Preheat oven to 400°F. Bake salmon until just opaque in center, about 20 minutes. Serve with Dill Lemon Pesto.

Lemon Dill Pesto
3 slices homemade-type white bread, torn into small pieces
2 Tbs fresh lemon juice
3 Tbs water
3/4 cup packed fresh dill (feathery leaves)
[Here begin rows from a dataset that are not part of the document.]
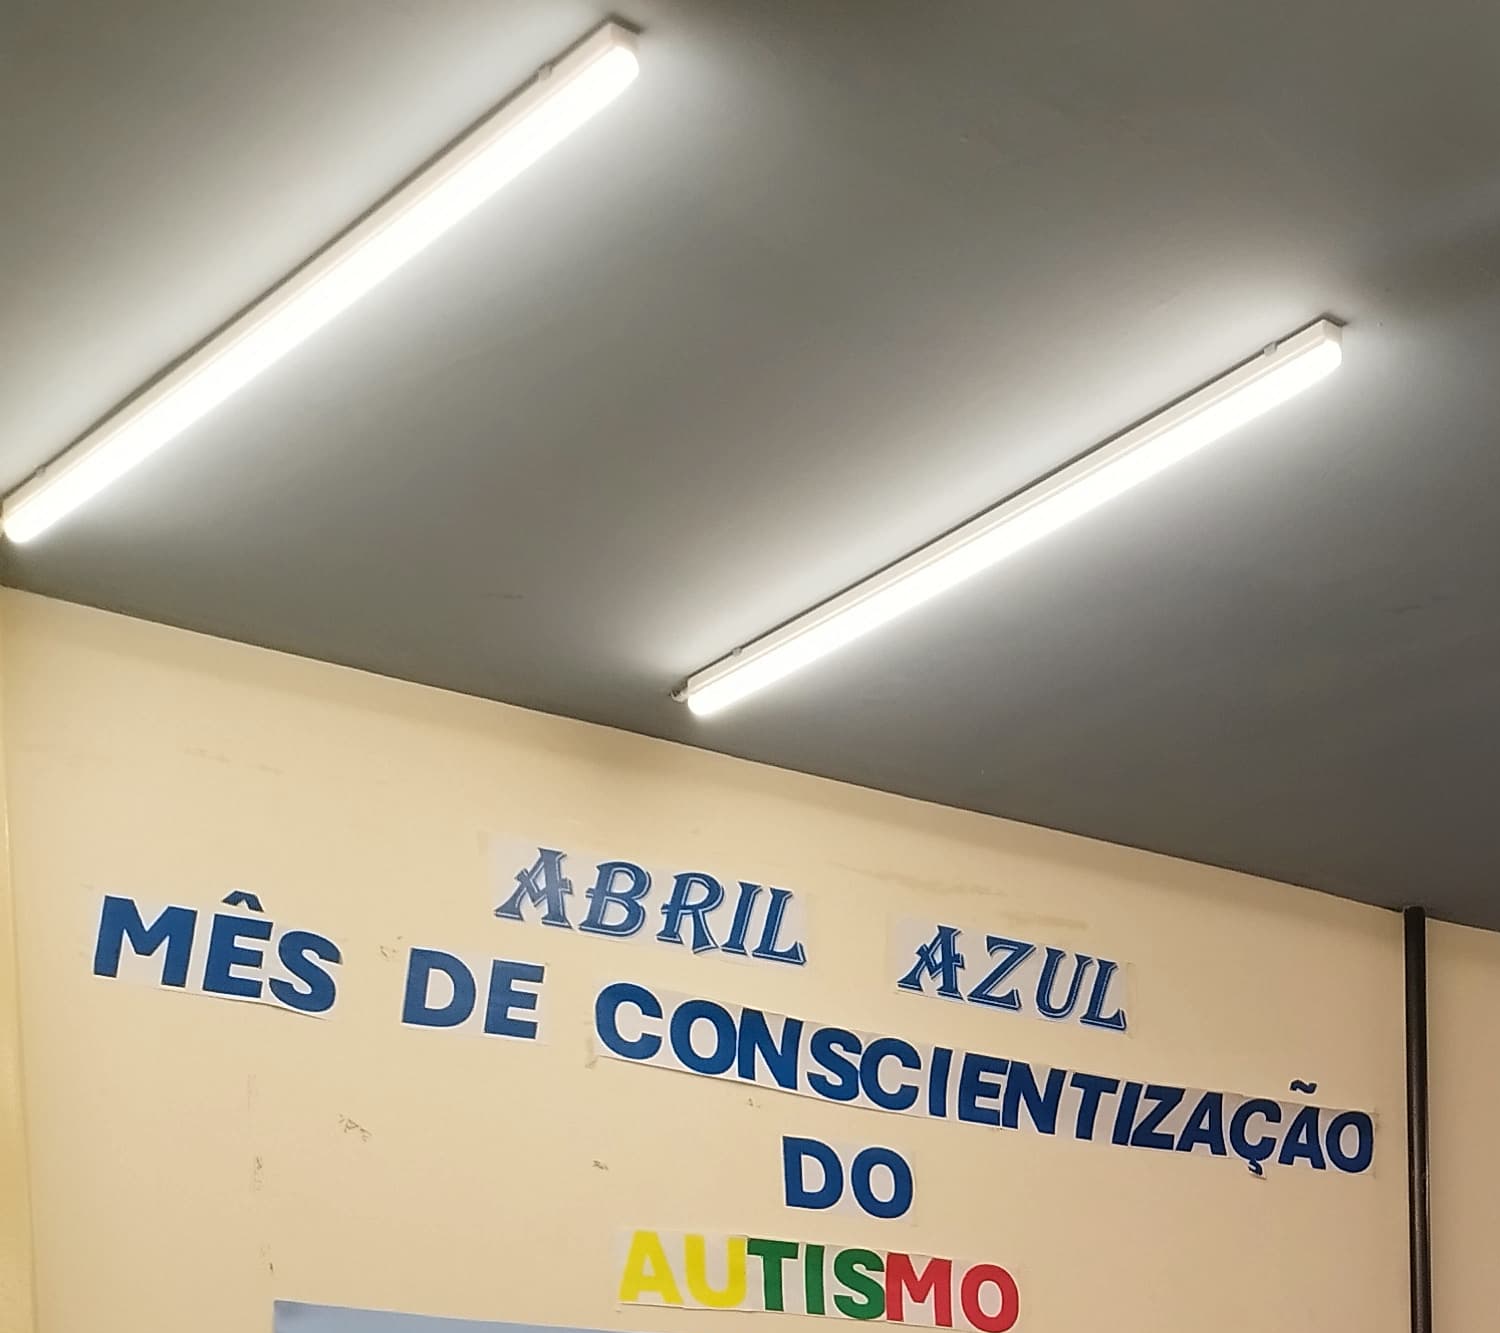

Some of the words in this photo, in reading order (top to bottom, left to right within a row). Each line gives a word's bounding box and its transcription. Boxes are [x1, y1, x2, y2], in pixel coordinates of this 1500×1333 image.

[494, 847, 807, 967] ABRIL
[898, 925, 1127, 1031] AZUL
[94, 891, 342, 1012] MÊS
[401, 948, 546, 1040] DE
[595, 983, 1374, 1175] CONSCIENTIZAÇÃO
[782, 1136, 913, 1219] DO
[619, 1230, 1020, 1333] AUTISMO
3/4 cup packed fresh flat-leaved parsley leaves, washed well and spun dry
2 tsp Dijon mustard
1/2 tsp freshly grated lemon zest
1/8 tsp sugar
1/3 cup olive oil

In a bowl soak bread in lemon juice and water 10 minutes and squeeze out excess liquid between hands. In a food processor blend together bread and remaining ingredients with salt and pepper to taste until smooth. Pesto keeps, surface covered with plastic wrap, chilled, 1 week.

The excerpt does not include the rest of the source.